◆ TASK
Could the data underneath be repeated exactly, in full?

Dataset entries
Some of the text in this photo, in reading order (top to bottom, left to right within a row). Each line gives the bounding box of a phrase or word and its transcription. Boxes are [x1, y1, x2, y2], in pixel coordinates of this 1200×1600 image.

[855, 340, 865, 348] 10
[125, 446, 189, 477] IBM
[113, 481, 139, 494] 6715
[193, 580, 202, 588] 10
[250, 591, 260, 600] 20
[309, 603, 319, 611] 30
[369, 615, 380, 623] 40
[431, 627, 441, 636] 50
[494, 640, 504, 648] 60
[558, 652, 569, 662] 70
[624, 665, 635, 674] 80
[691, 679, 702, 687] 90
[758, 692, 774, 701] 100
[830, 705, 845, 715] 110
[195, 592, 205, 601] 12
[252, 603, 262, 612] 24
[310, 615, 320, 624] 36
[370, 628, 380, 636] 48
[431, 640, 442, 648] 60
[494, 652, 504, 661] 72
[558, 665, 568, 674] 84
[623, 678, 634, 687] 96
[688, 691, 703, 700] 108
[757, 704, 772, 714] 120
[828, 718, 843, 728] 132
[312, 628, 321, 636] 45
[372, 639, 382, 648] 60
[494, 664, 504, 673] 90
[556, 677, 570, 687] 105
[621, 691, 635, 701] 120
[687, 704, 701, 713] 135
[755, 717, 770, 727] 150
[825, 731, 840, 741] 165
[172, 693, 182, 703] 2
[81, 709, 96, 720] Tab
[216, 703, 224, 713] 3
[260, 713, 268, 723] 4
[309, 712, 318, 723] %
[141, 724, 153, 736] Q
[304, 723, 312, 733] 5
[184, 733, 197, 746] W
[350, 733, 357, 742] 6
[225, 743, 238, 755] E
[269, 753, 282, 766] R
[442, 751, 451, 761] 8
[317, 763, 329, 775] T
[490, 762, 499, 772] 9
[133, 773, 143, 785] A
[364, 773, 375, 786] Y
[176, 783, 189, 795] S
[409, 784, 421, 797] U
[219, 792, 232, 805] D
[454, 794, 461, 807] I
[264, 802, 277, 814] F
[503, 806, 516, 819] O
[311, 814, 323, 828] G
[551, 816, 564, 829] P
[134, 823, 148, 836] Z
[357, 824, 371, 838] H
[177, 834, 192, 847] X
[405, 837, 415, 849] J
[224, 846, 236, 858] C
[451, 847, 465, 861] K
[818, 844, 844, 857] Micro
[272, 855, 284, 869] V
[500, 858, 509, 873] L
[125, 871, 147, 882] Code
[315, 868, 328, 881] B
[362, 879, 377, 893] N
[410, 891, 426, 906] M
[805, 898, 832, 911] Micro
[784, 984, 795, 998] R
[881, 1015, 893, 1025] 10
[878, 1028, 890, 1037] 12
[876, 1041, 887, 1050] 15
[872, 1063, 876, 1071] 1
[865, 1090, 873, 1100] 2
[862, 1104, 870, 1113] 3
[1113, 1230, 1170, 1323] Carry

◆ EXERCISE RESULT
Some of the text in this photo, in reading order (top to bottom, left to right within a row). Each line gives the bounding box of a phrase or word and its transcription. Boxes are [x1, y1, x2, y2], in pixel coordinates of this 1200×1600 image.

[855, 340, 865, 348] 10
[125, 446, 189, 477] IBM
[113, 481, 139, 494] 6715
[193, 580, 202, 588] 10
[250, 591, 260, 600] 20
[309, 603, 319, 611] 30
[369, 615, 380, 623] 40
[431, 627, 441, 636] 50
[494, 640, 504, 648] 60
[558, 652, 569, 662] 70
[624, 665, 635, 674] 80
[691, 679, 702, 687] 90
[758, 692, 774, 701] 100
[830, 705, 845, 715] 110
[195, 592, 205, 601] 12
[252, 603, 262, 612] 24
[310, 615, 320, 624] 36
[370, 628, 380, 636] 48
[431, 640, 442, 648] 60
[494, 652, 504, 661] 72
[558, 665, 568, 674] 84
[623, 678, 634, 687] 96
[688, 691, 703, 700] 108
[757, 704, 772, 714] 120
[828, 718, 843, 728] 132
[312, 628, 321, 636] 45
[372, 639, 382, 648] 60
[494, 664, 504, 673] 90
[556, 677, 570, 687] 105
[621, 691, 635, 701] 120
[687, 704, 701, 713] 135
[755, 717, 770, 727] 150
[825, 731, 840, 741] 165
[172, 693, 182, 703] 2
[81, 709, 96, 720] Tab
[216, 703, 224, 713] 3
[260, 713, 268, 723] 4
[309, 712, 318, 723] %
[141, 724, 153, 736] Q
[304, 723, 312, 733] 5
[184, 733, 197, 746] W
[350, 733, 357, 742] 6
[225, 743, 238, 755] E
[269, 753, 282, 766] R
[442, 751, 451, 761] 8
[317, 763, 329, 775] T
[490, 762, 499, 772] 9
[133, 773, 143, 785] A
[364, 773, 375, 786] Y
[176, 783, 189, 795] S
[409, 784, 421, 797] U
[219, 792, 232, 805] D
[454, 794, 461, 807] I
[264, 802, 277, 814] F
[503, 806, 516, 819] O
[311, 814, 323, 828] G
[551, 816, 564, 829] P
[134, 823, 148, 836] Z
[357, 824, 371, 838] H
[177, 834, 192, 847] X
[405, 837, 415, 849] J
[224, 846, 236, 858] C
[451, 847, 465, 861] K
[818, 844, 844, 857] Micro
[272, 855, 284, 869] V
[500, 858, 509, 873] L
[125, 871, 147, 882] Code
[315, 868, 328, 881] B
[362, 879, 377, 893] N
[410, 891, 426, 906] M
[805, 898, 832, 911] Micro
[784, 984, 795, 998] R
[881, 1015, 893, 1025] 10
[878, 1028, 890, 1037] 12
[876, 1041, 887, 1050] 15
[872, 1063, 876, 1071] 1
[865, 1090, 873, 1100] 2
[862, 1104, 870, 1113] 3
[1113, 1230, 1170, 1323] Carry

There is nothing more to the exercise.